Gli album dei Julie’s Haircut sono sempre stati poesia pura. Non mancava niente e se mi avessero chiesto se fosse stato il caso di aggiungere qualcosa la risposta sarebbe stata negativa. Quando però ho sentito la profonda voce di Anna Bassy sulle “sinfonie” cosmiche di Nicola Caleffi e Luca Giovanardi ho provato sorpresa e soddisfazione. Non se era quello che mancava per spingere la musica del gruppo emiliano su un altro livello, ma di sicuro ‘Radiance Opposition’ spicca nella loro discografia.

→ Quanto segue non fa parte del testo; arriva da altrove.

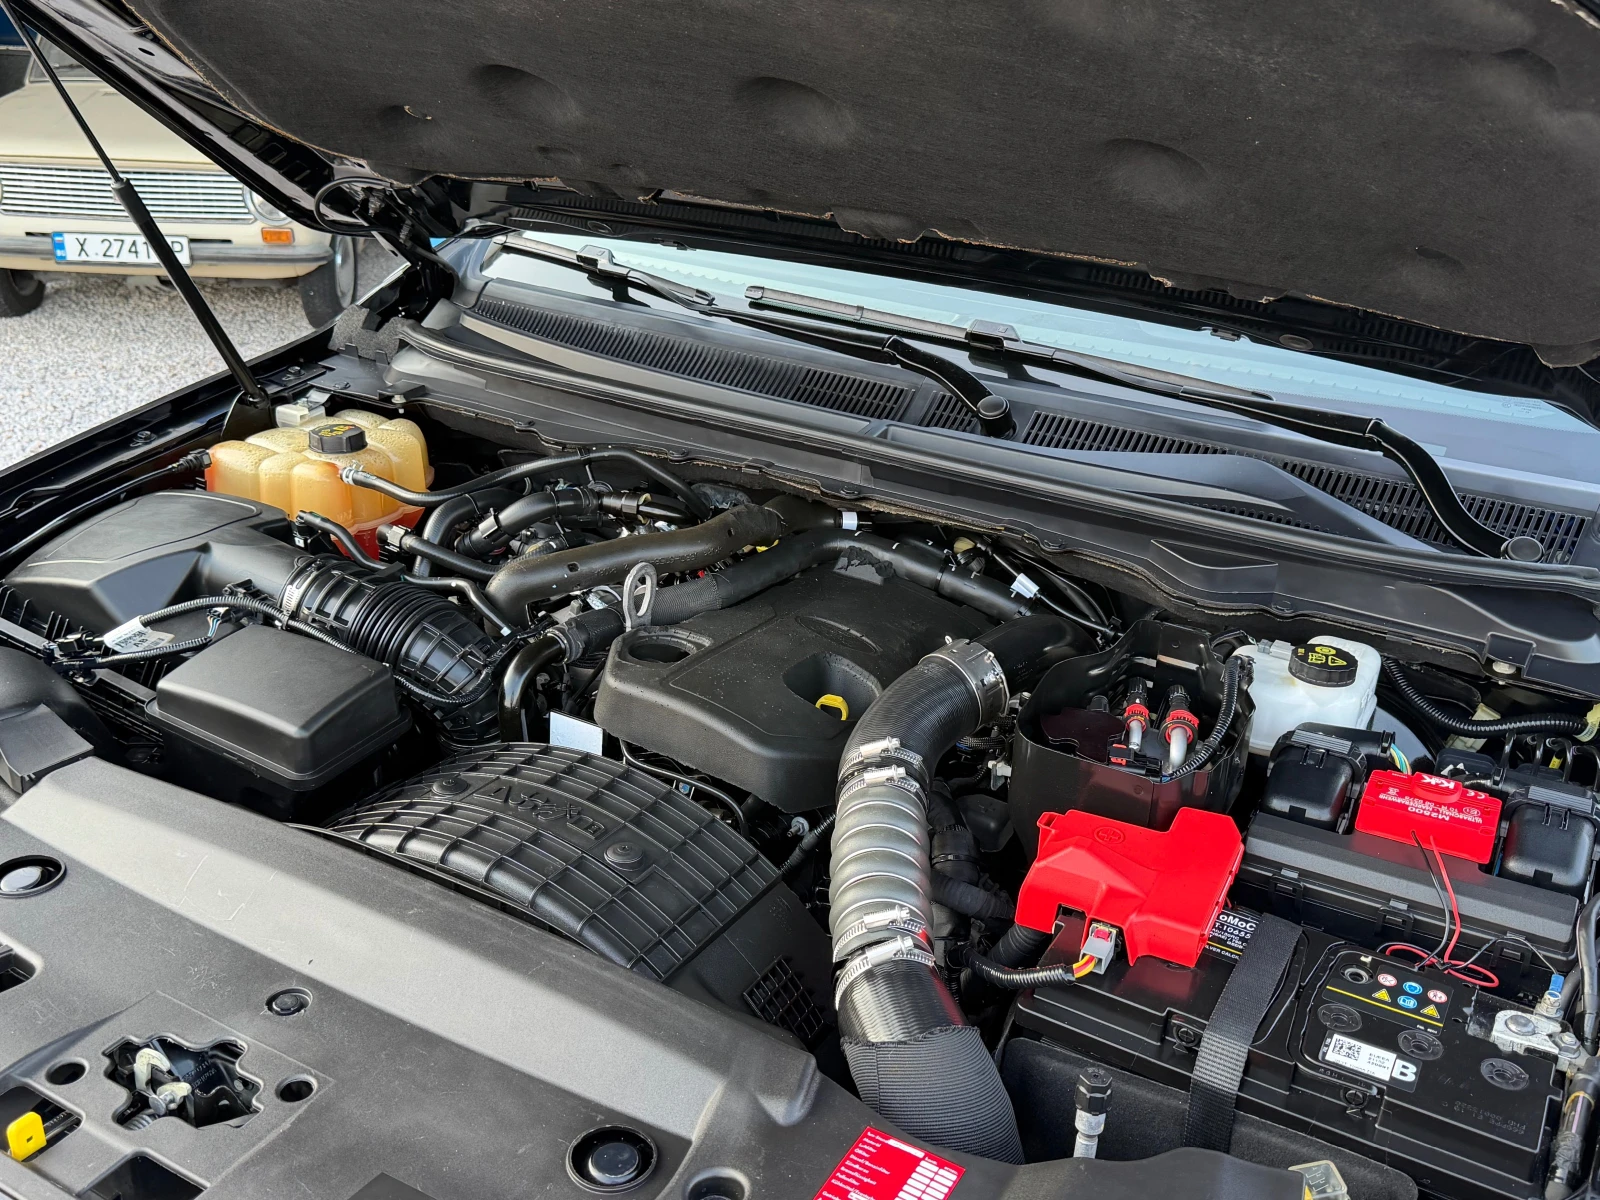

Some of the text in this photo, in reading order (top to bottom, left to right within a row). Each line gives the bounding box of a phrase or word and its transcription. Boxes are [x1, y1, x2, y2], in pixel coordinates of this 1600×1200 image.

[1215, 922, 1251, 939] T-10655
[1219, 914, 1256, 930] oMoC
[1391, 1058, 1417, 1081] B

Per certi versi siamo al cospetto dell’ibrido ideale tra il trip hop di fine anni novanta e il rock psichedelico di vent’anni prima, con invettive più melodiche e commerciali, il magnifico singolo ‘To The Sacred Mantle’ (andatevela ad ascoltare sulla playlist Spotify di Suffissocore!), e le opere dell’artista contemporanea Zoë Croggon, che donano una trasposizione visuale di quello che accade durante il disco, tra passaggi ipnotici e altri addirittura più cupi o semplicemente rock. Quello che colpisce è come le tracce riescano a distinguersi l’una dall’altra senza che la coesione e l’organicità del materiale ne vengano inficiate. Alcune pulsazioni sono così forti che verrebbe subito da chiedersi se uscirà un remix album, ma per il momento ci godiamo queste otto composizioni che rispettano il passato e propongono allo stesso tempo un’alternativa per il futuro. Le luci sbiadite di ‘I Can See The Light’ si ritrovano nella suadente ‘Wounds’ e nella conclusiva ‘6 AM Carpet Candlelight’ mentre ‘Spring Moon’ è l’evoluzione sistematica e inesorabile di ‘Ashram Equinox’. Un decimo full lenght spettacolare, che non vediamo l’ora di ascoltare dal vivo e che vanta di diritto un posto nella top ten dei dischi italiani più belli dell’anno. In attesa del remix album…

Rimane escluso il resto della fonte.